Brief = Render every entry exactly as it appears.

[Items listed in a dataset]

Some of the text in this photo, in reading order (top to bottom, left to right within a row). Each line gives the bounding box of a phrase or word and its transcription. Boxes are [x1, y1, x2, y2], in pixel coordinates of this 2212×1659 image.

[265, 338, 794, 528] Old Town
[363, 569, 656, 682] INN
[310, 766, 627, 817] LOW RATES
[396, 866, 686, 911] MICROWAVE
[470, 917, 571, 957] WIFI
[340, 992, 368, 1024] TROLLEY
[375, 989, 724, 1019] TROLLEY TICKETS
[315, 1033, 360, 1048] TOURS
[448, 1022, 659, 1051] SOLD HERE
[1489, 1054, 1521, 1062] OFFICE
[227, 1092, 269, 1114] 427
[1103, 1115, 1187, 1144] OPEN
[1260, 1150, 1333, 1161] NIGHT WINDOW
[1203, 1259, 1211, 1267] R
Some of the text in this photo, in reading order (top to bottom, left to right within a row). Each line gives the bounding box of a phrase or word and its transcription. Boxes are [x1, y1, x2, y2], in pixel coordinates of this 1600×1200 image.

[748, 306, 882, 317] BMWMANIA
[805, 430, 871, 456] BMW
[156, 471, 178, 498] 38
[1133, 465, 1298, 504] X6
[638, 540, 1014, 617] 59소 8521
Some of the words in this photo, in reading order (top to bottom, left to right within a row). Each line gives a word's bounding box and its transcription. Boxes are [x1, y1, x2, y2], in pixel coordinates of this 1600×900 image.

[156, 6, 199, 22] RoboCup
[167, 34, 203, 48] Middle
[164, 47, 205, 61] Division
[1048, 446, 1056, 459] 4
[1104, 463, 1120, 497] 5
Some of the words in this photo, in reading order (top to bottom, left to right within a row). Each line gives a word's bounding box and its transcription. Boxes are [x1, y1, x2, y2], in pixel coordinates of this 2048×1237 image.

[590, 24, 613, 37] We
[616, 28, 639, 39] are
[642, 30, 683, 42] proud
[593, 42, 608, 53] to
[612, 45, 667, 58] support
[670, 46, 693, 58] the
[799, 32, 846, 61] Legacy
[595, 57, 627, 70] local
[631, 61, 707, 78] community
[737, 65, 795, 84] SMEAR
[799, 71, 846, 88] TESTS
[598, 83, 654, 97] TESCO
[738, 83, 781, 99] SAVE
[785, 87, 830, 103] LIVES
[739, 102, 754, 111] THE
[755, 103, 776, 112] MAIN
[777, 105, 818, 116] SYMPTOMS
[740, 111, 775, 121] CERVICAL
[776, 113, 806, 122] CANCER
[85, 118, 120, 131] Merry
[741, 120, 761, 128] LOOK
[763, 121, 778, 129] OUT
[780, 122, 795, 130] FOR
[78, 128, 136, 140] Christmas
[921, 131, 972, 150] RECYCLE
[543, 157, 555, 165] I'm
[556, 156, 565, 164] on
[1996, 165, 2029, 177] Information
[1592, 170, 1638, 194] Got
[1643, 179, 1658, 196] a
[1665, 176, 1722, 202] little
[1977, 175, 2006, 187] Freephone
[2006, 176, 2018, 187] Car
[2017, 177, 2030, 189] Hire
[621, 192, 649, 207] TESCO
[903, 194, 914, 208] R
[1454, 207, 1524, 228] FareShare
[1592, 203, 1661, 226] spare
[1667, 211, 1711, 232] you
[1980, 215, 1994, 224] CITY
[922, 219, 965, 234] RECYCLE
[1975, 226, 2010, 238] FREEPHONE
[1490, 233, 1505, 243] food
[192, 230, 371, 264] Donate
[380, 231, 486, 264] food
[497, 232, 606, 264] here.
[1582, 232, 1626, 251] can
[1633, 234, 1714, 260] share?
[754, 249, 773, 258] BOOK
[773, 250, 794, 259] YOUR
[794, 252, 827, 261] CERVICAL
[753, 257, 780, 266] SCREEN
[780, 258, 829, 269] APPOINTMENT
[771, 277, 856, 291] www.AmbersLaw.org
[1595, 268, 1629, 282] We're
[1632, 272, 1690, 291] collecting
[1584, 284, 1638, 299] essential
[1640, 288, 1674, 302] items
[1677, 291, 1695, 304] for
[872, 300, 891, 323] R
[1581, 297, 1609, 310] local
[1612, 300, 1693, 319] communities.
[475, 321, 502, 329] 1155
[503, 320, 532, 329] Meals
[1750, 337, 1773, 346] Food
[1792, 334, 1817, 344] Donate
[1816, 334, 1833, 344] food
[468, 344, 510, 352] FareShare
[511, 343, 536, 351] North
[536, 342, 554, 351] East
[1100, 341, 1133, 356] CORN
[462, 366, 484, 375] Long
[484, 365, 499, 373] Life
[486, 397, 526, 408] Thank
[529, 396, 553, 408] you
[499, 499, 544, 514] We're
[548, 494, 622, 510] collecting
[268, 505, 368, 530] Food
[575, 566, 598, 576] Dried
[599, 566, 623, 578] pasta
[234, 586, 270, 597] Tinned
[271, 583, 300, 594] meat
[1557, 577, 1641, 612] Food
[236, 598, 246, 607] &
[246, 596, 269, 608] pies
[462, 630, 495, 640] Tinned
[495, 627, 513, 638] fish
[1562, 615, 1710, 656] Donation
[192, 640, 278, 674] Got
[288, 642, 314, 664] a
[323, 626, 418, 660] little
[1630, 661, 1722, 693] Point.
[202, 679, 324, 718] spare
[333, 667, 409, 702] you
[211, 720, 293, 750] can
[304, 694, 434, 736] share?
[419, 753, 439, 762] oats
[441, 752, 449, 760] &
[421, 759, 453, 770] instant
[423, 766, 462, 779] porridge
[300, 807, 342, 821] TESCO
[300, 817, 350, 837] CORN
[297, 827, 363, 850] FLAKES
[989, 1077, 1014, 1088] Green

Answer to this problem =
Some of the text in this photo, in reading order (top to bottom, left to right within a row). Each line gives the bounding box of a phrase or word and its transcription. Boxes are [x1, y1, x2, y2], in pixel coordinates of this 2212×1659 image.

[265, 338, 794, 528] Old Town
[363, 569, 656, 682] INN
[310, 766, 627, 817] LOW RATES
[396, 866, 686, 911] MICROWAVE
[470, 917, 571, 957] WIFI
[340, 992, 368, 1024] TROLLEY
[375, 989, 724, 1019] TROLLEY TICKETS
[315, 1033, 360, 1048] TOURS
[448, 1022, 659, 1051] SOLD HERE
[1489, 1054, 1521, 1062] OFFICE
[227, 1092, 269, 1114] 427
[1103, 1115, 1187, 1144] OPEN
[1260, 1150, 1333, 1161] NIGHT WINDOW
[1203, 1259, 1211, 1267] R
Some of the text in this photo, in reading order (top to bottom, left to right within a row). Each line gives the bounding box of a phrase or word and its transcription. Boxes are [x1, y1, x2, y2], in pixel coordinates of this 1600×1200 image.

[748, 306, 882, 317] BMWMANIA
[805, 430, 871, 456] BMW
[156, 471, 178, 498] 38
[1133, 465, 1298, 504] X6
[638, 540, 1014, 617] 59소 8521
Some of the words in this photo, in reading order (top to bottom, left to right within a row). Each line gives a word's bounding box and its transcription. Boxes are [x1, y1, x2, y2], in pixel coordinates of this 1600×900 image.

[156, 6, 199, 22] RoboCup
[167, 34, 203, 48] Middle
[164, 47, 205, 61] Division
[1048, 446, 1056, 459] 4
[1104, 463, 1120, 497] 5
Some of the words in this photo, in reading order (top to bottom, left to right within a row). Each line gives a word's bounding box and its transcription. Boxes are [x1, y1, x2, y2], in pixel coordinates of this 2048×1237 image.

[590, 24, 613, 37] We
[616, 28, 639, 39] are
[642, 30, 683, 42] proud
[593, 42, 608, 53] to
[612, 45, 667, 58] support
[670, 46, 693, 58] the
[799, 32, 846, 61] Legacy
[595, 57, 627, 70] local
[631, 61, 707, 78] community
[737, 65, 795, 84] SMEAR
[799, 71, 846, 88] TESTS
[598, 83, 654, 97] TESCO
[738, 83, 781, 99] SAVE
[785, 87, 830, 103] LIVES
[739, 102, 754, 111] THE
[755, 103, 776, 112] MAIN
[777, 105, 818, 116] SYMPTOMS
[740, 111, 775, 121] CERVICAL
[776, 113, 806, 122] CANCER
[85, 118, 120, 131] Merry
[741, 120, 761, 128] LOOK
[763, 121, 778, 129] OUT
[780, 122, 795, 130] FOR
[78, 128, 136, 140] Christmas
[921, 131, 972, 150] RECYCLE
[543, 157, 555, 165] I'm
[556, 156, 565, 164] on
[1996, 165, 2029, 177] Information
[1592, 170, 1638, 194] Got
[1643, 179, 1658, 196] a
[1665, 176, 1722, 202] little
[1977, 175, 2006, 187] Freephone
[2006, 176, 2018, 187] Car
[2017, 177, 2030, 189] Hire
[621, 192, 649, 207] TESCO
[903, 194, 914, 208] R
[1454, 207, 1524, 228] FareShare
[1592, 203, 1661, 226] spare
[1667, 211, 1711, 232] you
[1980, 215, 1994, 224] CITY
[922, 219, 965, 234] RECYCLE
[1975, 226, 2010, 238] FREEPHONE
[1490, 233, 1505, 243] food
[192, 230, 371, 264] Donate
[380, 231, 486, 264] food
[497, 232, 606, 264] here.
[1582, 232, 1626, 251] can
[1633, 234, 1714, 260] share?
[754, 249, 773, 258] BOOK
[773, 250, 794, 259] YOUR
[794, 252, 827, 261] CERVICAL
[753, 257, 780, 266] SCREEN
[780, 258, 829, 269] APPOINTMENT
[771, 277, 856, 291] www.AmbersLaw.org
[1595, 268, 1629, 282] We're
[1632, 272, 1690, 291] collecting
[1584, 284, 1638, 299] essential
[1640, 288, 1674, 302] items
[1677, 291, 1695, 304] for
[872, 300, 891, 323] R
[1581, 297, 1609, 310] local
[1612, 300, 1693, 319] communities.
[475, 321, 502, 329] 1155
[503, 320, 532, 329] Meals
[1750, 337, 1773, 346] Food
[1792, 334, 1817, 344] Donate
[1816, 334, 1833, 344] food
[468, 344, 510, 352] FareShare
[511, 343, 536, 351] North
[536, 342, 554, 351] East
[1100, 341, 1133, 356] CORN
[462, 366, 484, 375] Long
[484, 365, 499, 373] Life
[486, 397, 526, 408] Thank
[529, 396, 553, 408] you
[499, 499, 544, 514] We're
[548, 494, 622, 510] collecting
[268, 505, 368, 530] Food
[575, 566, 598, 576] Dried
[599, 566, 623, 578] pasta
[234, 586, 270, 597] Tinned
[271, 583, 300, 594] meat
[1557, 577, 1641, 612] Food
[236, 598, 246, 607] &
[246, 596, 269, 608] pies
[462, 630, 495, 640] Tinned
[495, 627, 513, 638] fish
[1562, 615, 1710, 656] Donation
[192, 640, 278, 674] Got
[288, 642, 314, 664] a
[323, 626, 418, 660] little
[1630, 661, 1722, 693] Point.
[202, 679, 324, 718] spare
[333, 667, 409, 702] you
[211, 720, 293, 750] can
[304, 694, 434, 736] share?
[419, 753, 439, 762] oats
[441, 752, 449, 760] &
[421, 759, 453, 770] instant
[423, 766, 462, 779] porridge
[300, 807, 342, 821] TESCO
[300, 817, 350, 837] CORN
[297, 827, 363, 850] FLAKES
[989, 1077, 1014, 1088] Green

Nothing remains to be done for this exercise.